There are, however, some signs that minimal computing is gaining some traction and may even become more mainstream within a few years. These include the increasing use of open-source software; the championing of minimal computing and its environmental credentials within the powerful climate justice movement; the importance of sustainability and preservation of DH projects (like the Endings Project); the fact that as university finances are squeezed ever more the attractiveness of minimal computing as an approach to computing projects in the humanities, could well increase.

Lastly, it is easy to characterise minimal computing as a one-size-fits-all approach, espousing a universally accepted set of principles with which few would disagree, but this would be a mistake.
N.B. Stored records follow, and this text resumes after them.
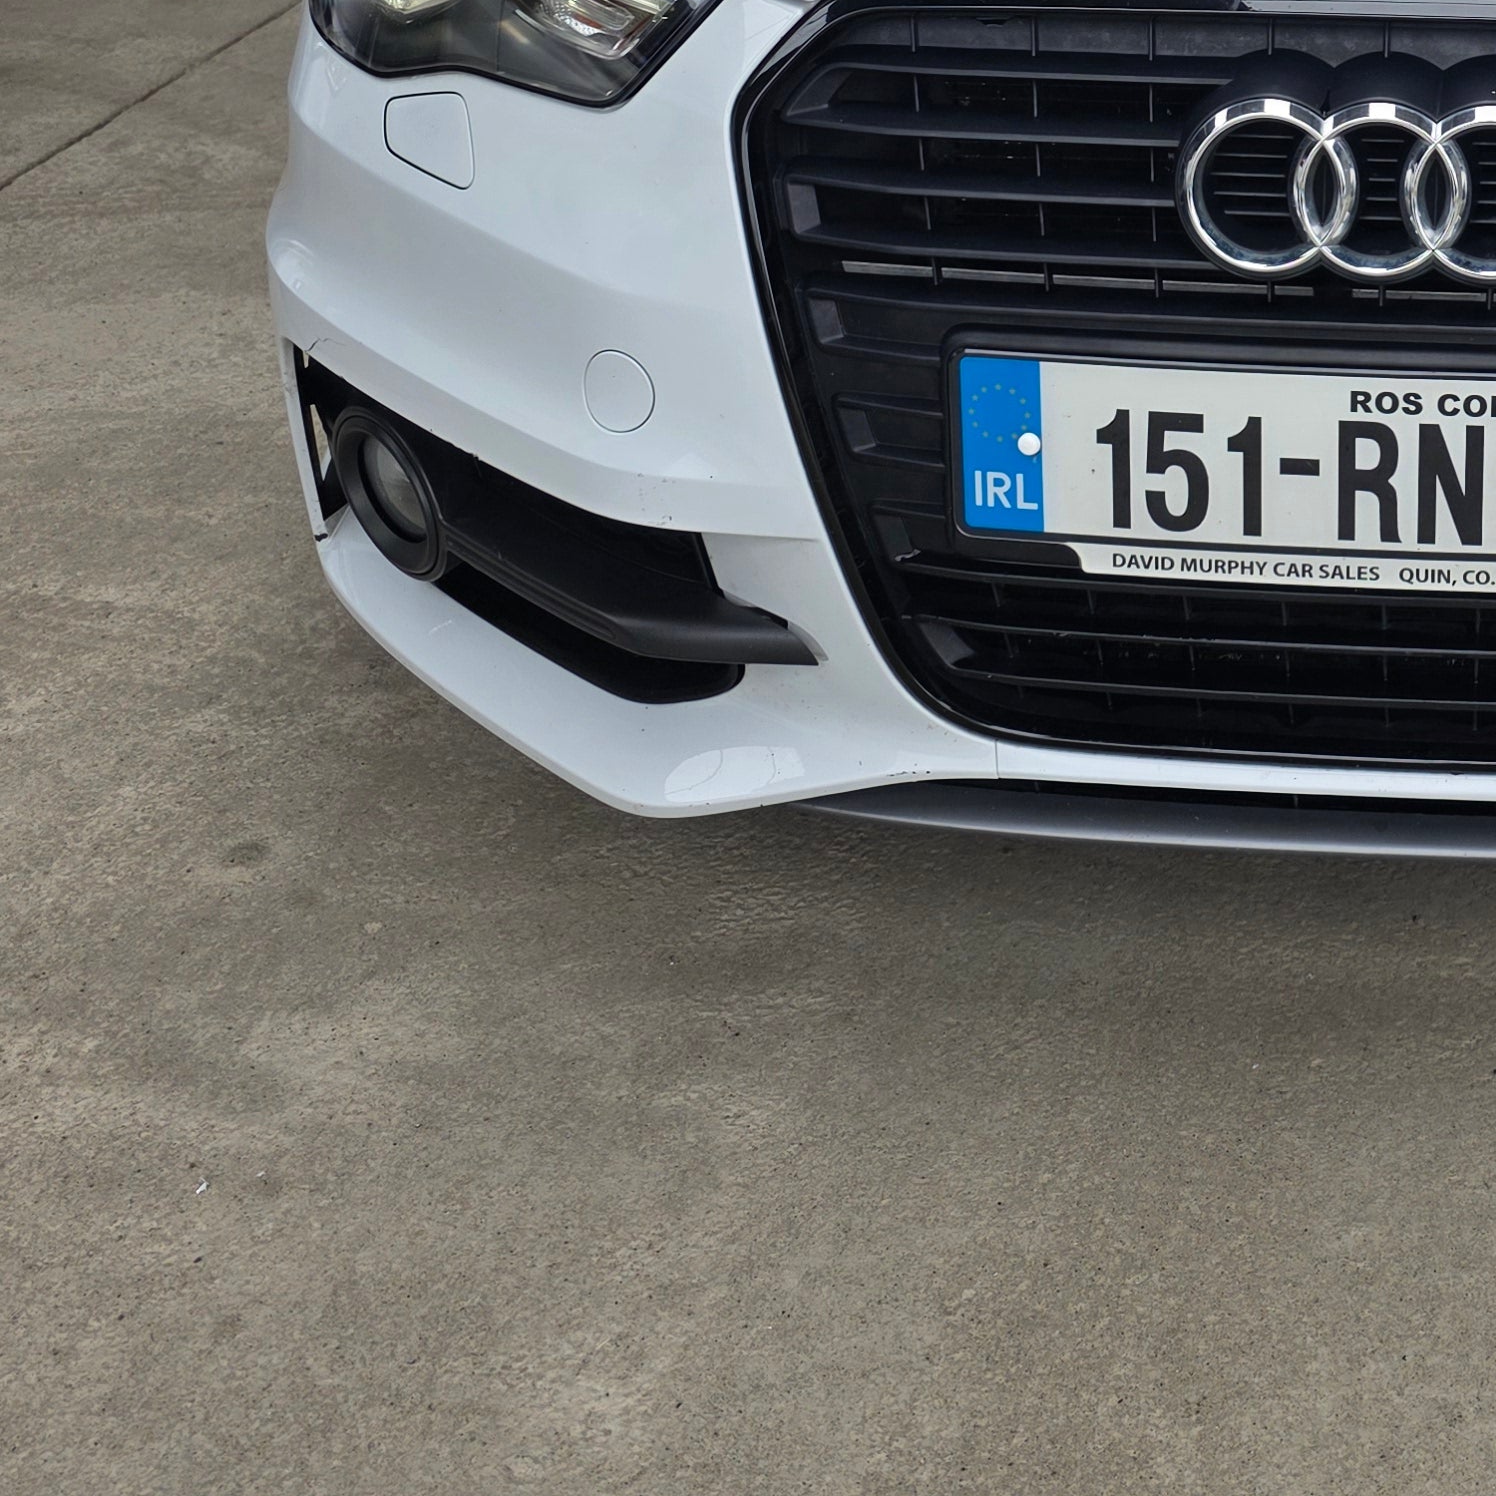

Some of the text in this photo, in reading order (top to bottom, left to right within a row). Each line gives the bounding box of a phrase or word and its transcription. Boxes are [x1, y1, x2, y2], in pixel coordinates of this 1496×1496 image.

[1350, 390, 1423, 416] ROS
[974, 470, 1038, 510] IRL
[1112, 553, 1175, 571] DAVID
[1180, 557, 1267, 576] MURPHY
[1273, 562, 1313, 578] CAR
[1319, 564, 1380, 581] SALES
[1399, 567, 1457, 586] QUIN,
[1462, 570, 1496, 585] CO.
In his essay in the DHQ 2022 special issue on minimal computing, ‘Ensuring Minimal Computing Serves Maximal Connection’, Grant Wythoff argues that ‘while the tools currently associated with minimal computing are more sustainable, they can be less equitable in terms of participation (considering the steep learning curve of starting from scratch) and that ‘Values guiding the theory and practice of minimal computing include access, participation, sustainability, stewardship, and equity. When placed alongside each other — as we’ve seen — these values often produce rich contradictions that can be difficult to appreciate if particular tools elevate some values at the expense of others.’ In other words, the question of the values and principles underlying any minimal computing project and the choices which flow from them need careful and honest consideration.